After a grueling 400-mile mountainous, hot, and humid bike ride in Sulawesi, Indonesia, I chose to stay in Bangkok for 8 days of relaxation and recuperation. With very effective air-conditioning in the 35th floor AirBNB studio, I finally cooled down enough to get a full night of sleep. Sauntering out and about in the city returned me to the steaming, sweltering heat of Southeast Asia at a whopping 104F. Every time I write Sally and report the weather, she reports intense personal happiness that: 1) I am having fun; and 2) that she has avoided a return trip to Thailand’s intense heat and humidity. Once was enough, it seems.
Tuk tuks are the taxis here but were too slow and hot when stalled in ridiculous, thousand-vehicle traffic jams. Luckily, Uber had introduced a new pilot program, “UberMoto”, a speedy motorbike requiring helmets for both driver and a rider. I booked/paid rides using my iPhone’s Uber app. It was a blast! – guaranteed breezes and fast, convenient and accessible transportation throughout the city. Best of all, it was a huge bargain by North American Uber standards.
Shopping malls are more than just malls – they are social hubs, due to the icy air-conditioning. The malls have their own specialties as there are many within the downtown shopping area. They offer cheap knockoffs from cameras/phones, shirts, and DVDs to malls for upscale shopping (including Ferrari & Rolls Royce vehicles) to amazing delicious food courts, and 4D movies (rain, wind, strobe lights, and vibration included). I replaced my iPhone’s faulty camera with a tiny waterproof Canon “point-and-shoot”, perfect for my scuba trip (shooting in 25m/82ft depths) and shockproof, just right for my rough travel handling…at a bargain of course!
Thailand is perhaps the only country in the world where the King is constitutionally required to be a Buddhist and upholder of the Faith. Buddhism in daily life is observed by the saffron robed, shaved headed monks in the streets and businesses like Starbucks, and in shrines set up on small traffic islands surrounded by gnarled traffic jams. Maybe it reminds people that road rage would be silly as…the traffic, it too will change….
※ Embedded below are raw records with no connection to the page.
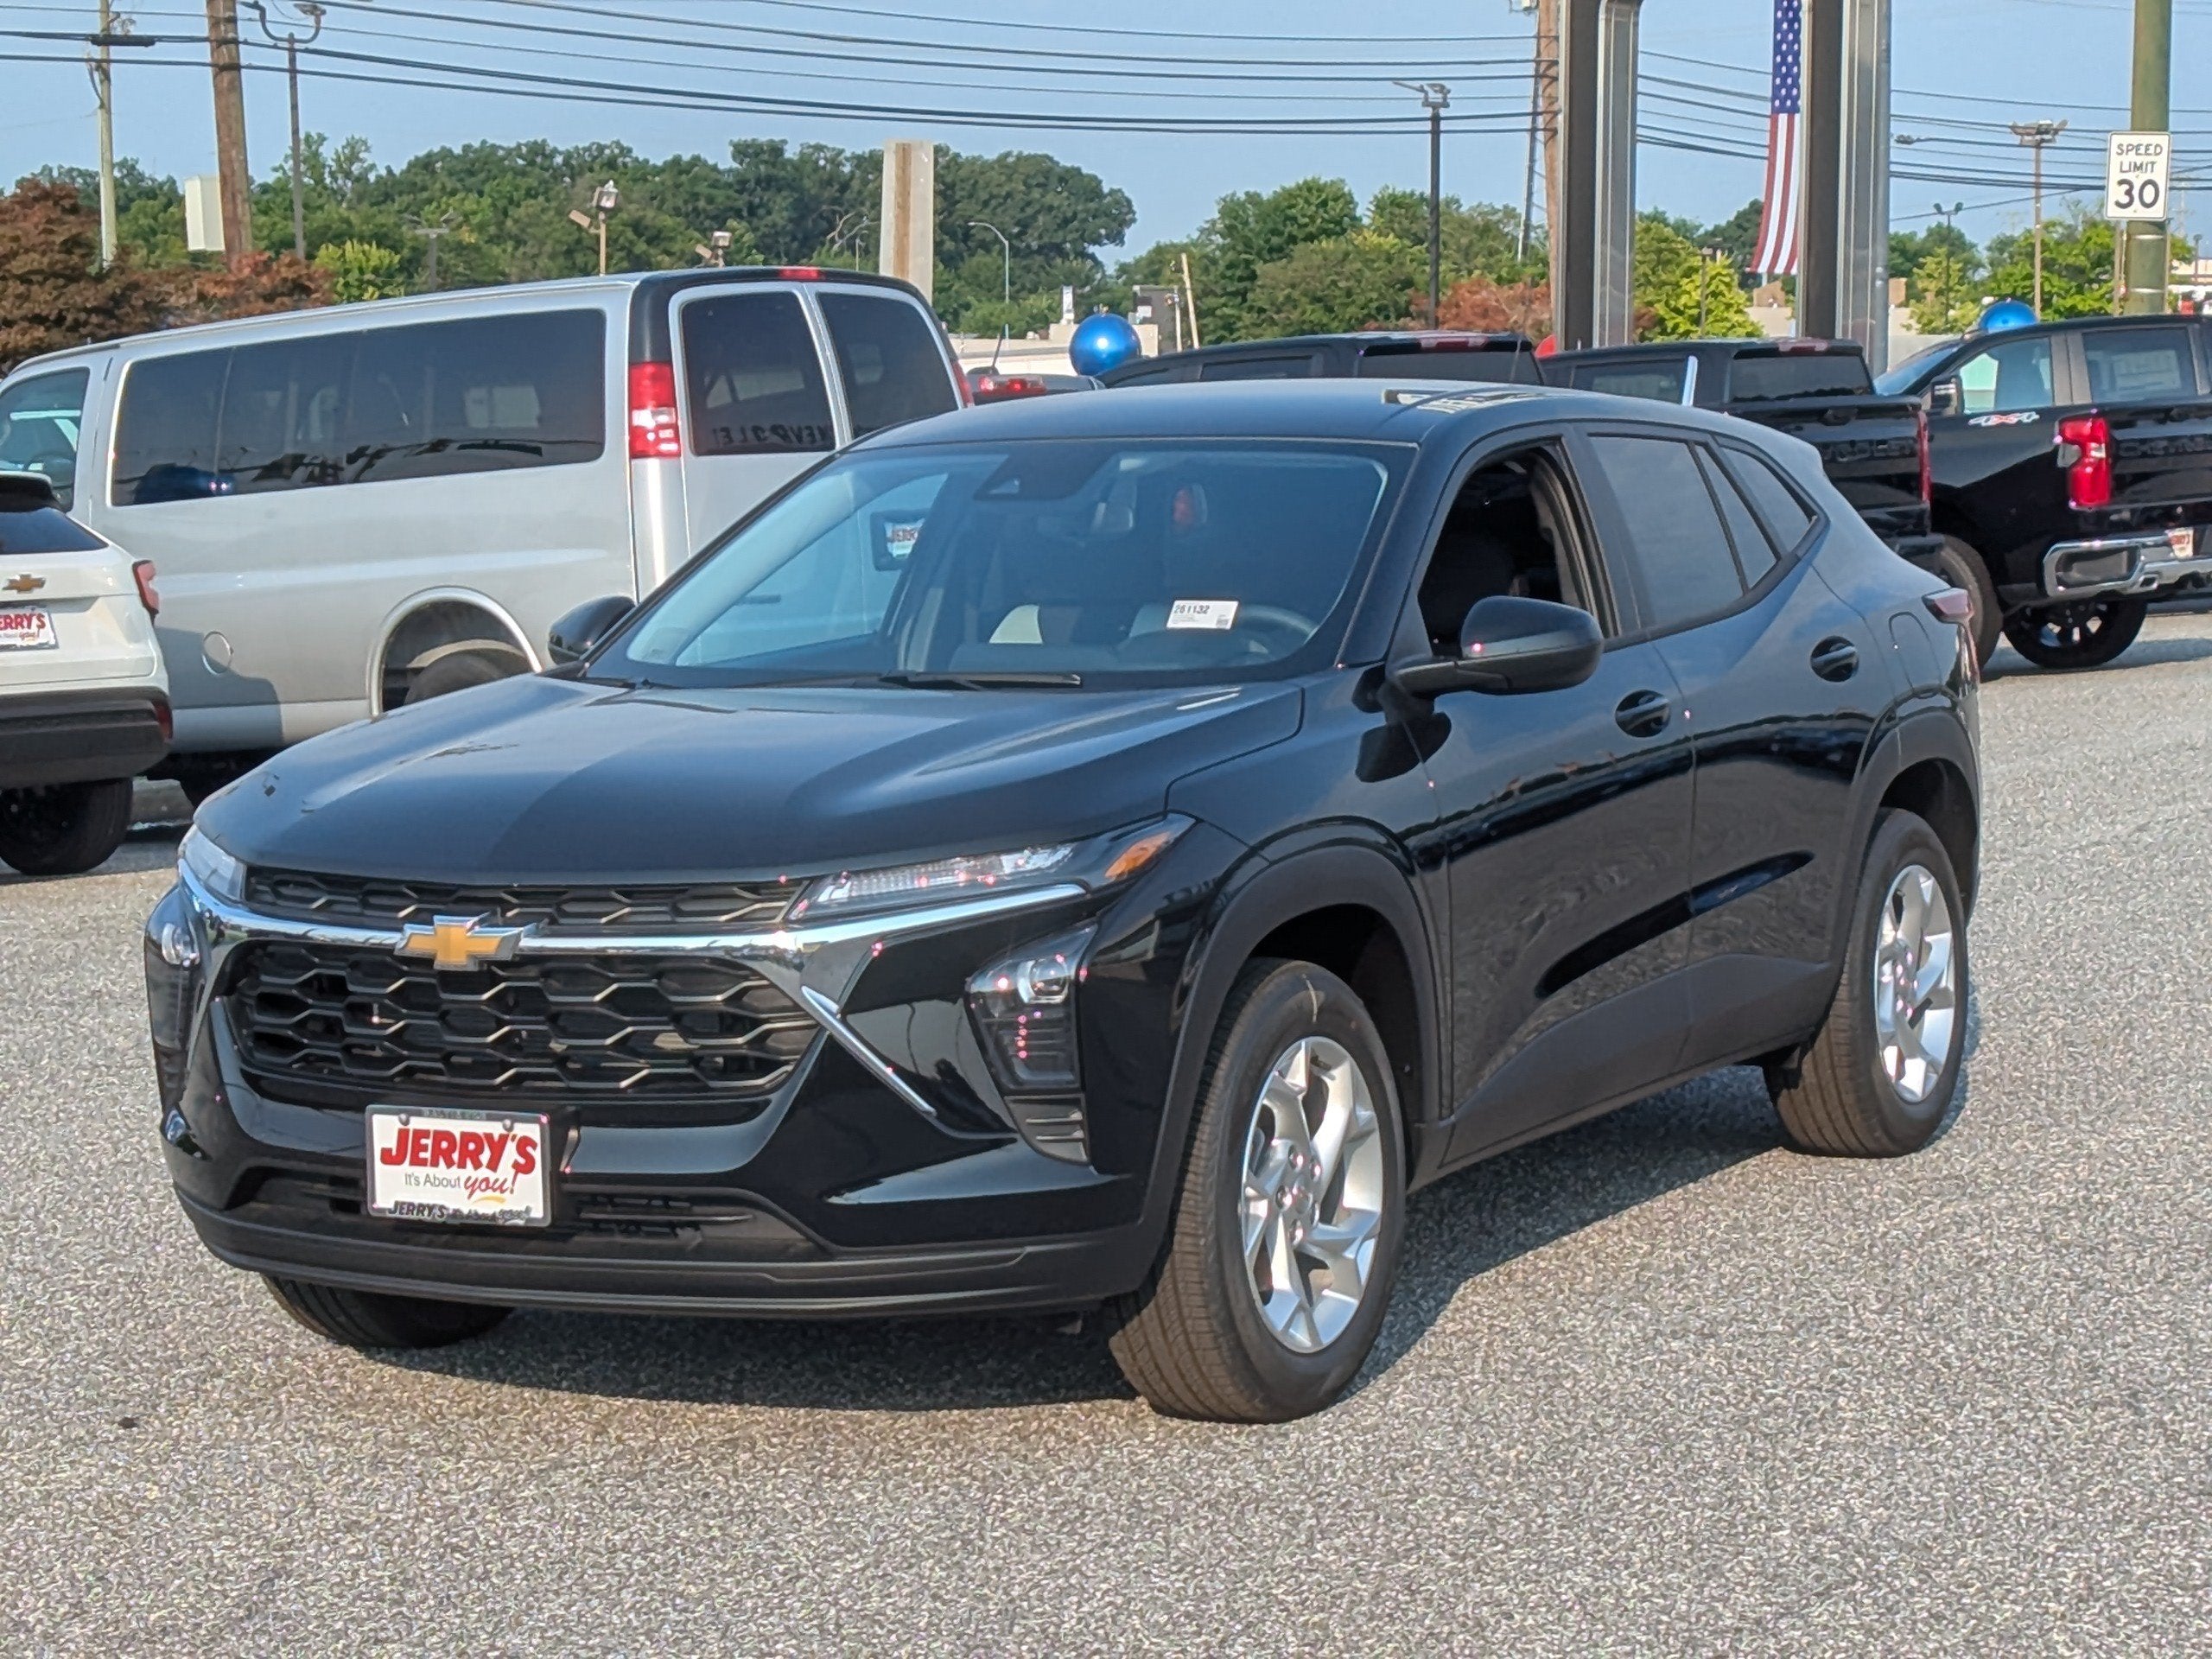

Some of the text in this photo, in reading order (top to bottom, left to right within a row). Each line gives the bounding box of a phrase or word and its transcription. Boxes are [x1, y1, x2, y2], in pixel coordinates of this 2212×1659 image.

[2115, 143, 2164, 156] SPEED
[2119, 161, 2158, 174] LIMIT
[2113, 178, 2160, 209] 30
[1173, 604, 1211, 614] 261132
[379, 1128, 538, 1175] JERRY'S
[404, 1171, 519, 1200] It's About you!
The monks enjoy historical discussions (and disputes) about the definition of Buddhism and when it reached Thailand. THAILAND IS UNIQUE. It’s the most Buddhist nation on Earth, with around 95% of the population identifying as practicing Theravada Buddhists, following the teaching of the Pāli Canon, a collection of the oldest recorded Buddhist texts. Some monks teach that Buddhism was introduced to Thailand during the reign of Asoka, the great Indian emperor who ruled almost all of the Indian subcontinent from 268 to 232 BCE and sent Buddhist missionaries to various parts of the then known world including today’s Thailand.
There are an estimated 40,000 Wats (Temples) in Thailand; many characterized by tall golden stupas, official religious sites and otherwise. At sunrises, cooler and with almost no tourists afoot, I visited a number of fabulous temples. At that time of day the mendicant monks accept offerings of food and alms in their bowls. It is the only way the mendicant monks eat and survive. It was where I had educational and engaging conversations with those willing to chat, usually led by the oldest monks at the front.
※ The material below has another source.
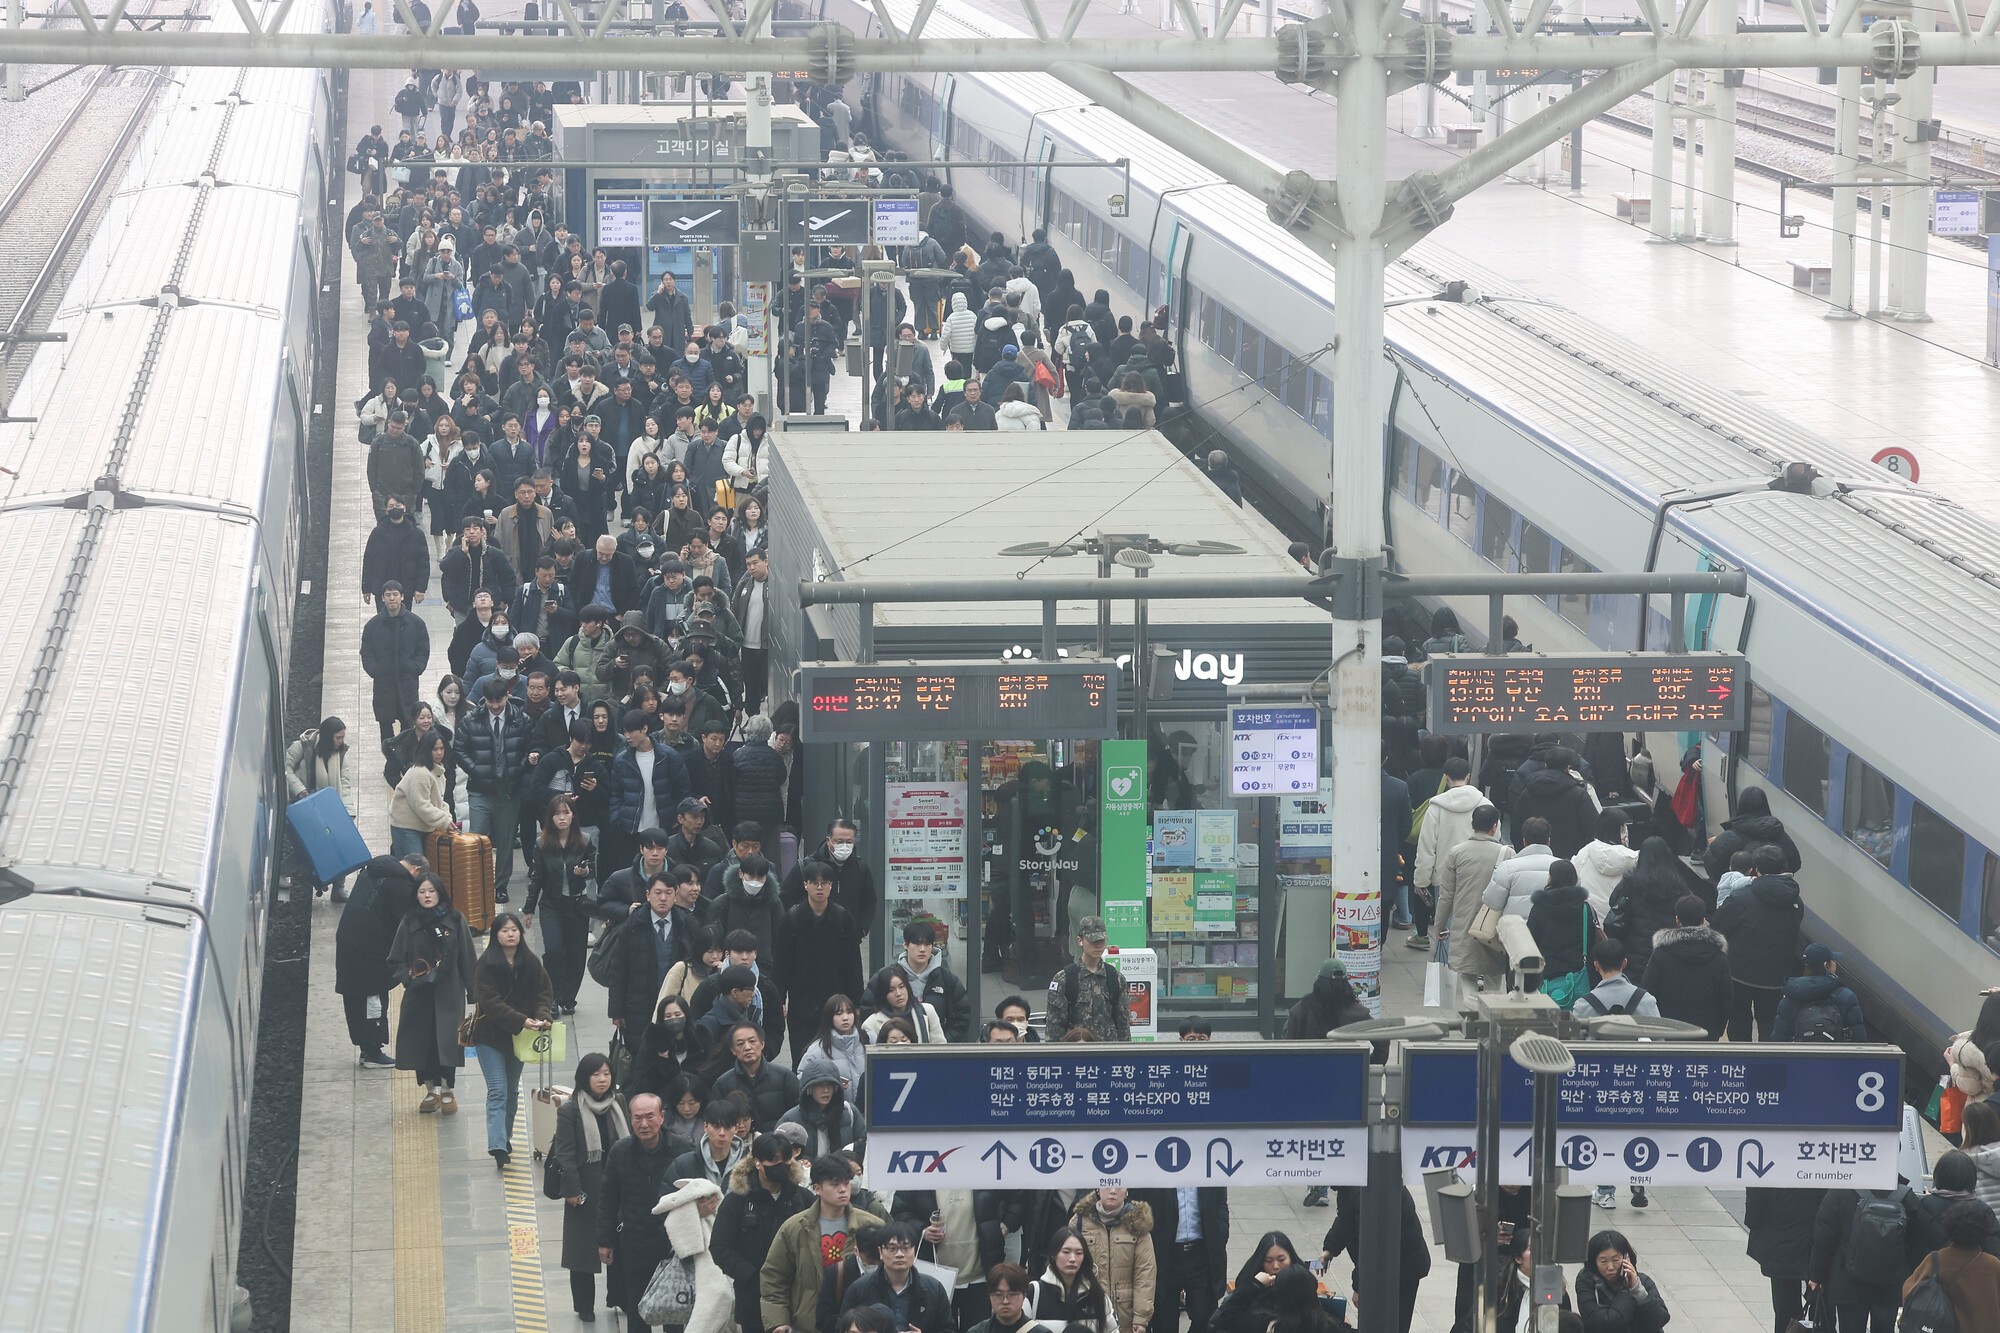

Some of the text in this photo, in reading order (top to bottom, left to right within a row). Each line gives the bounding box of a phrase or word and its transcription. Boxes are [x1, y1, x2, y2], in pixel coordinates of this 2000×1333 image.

Here are two of my many favorite Wats:
“Wat Saket, the Golden Mount of Lord Buddha”, is one of the city’s most visible landmarks, rising about 250 ft above the only manmade hill; it is crowned with a huge gleaming gold Chedi, a Buddhist stupa. I was drawn up the 300 steps encircling the temple complex, by the sound of murmured prayers, scents of incenses and candles, and the musical ringing by hundreds of bells/gongs by worshippers along the way. Inside the complex, sits a huge golden Chedi, circled with large demon guardians. Followers walked round and round the Chedi, ringing smaller bells and giving their offerings. It was a moving glimpse of culture and spirituality both inside with the worshippers, and outside overlooking a 360-degree panorama of monasteries and pagodas, old canals, and the downtown skyline. Mind you, this site was once the highest point back in the 19th century.
Beyond the main room is a cloister containing over 50 bronze Buddha images representing every mudras (spiritual gestures) and style, representing various Buddhist countries and regions. Behind the cloister is a large Bodhi tree, brought from Bodhgaya, where the Buddha found Enlightenment. No wonder, this temple is revered by the King, monks and citizens. It is stunning.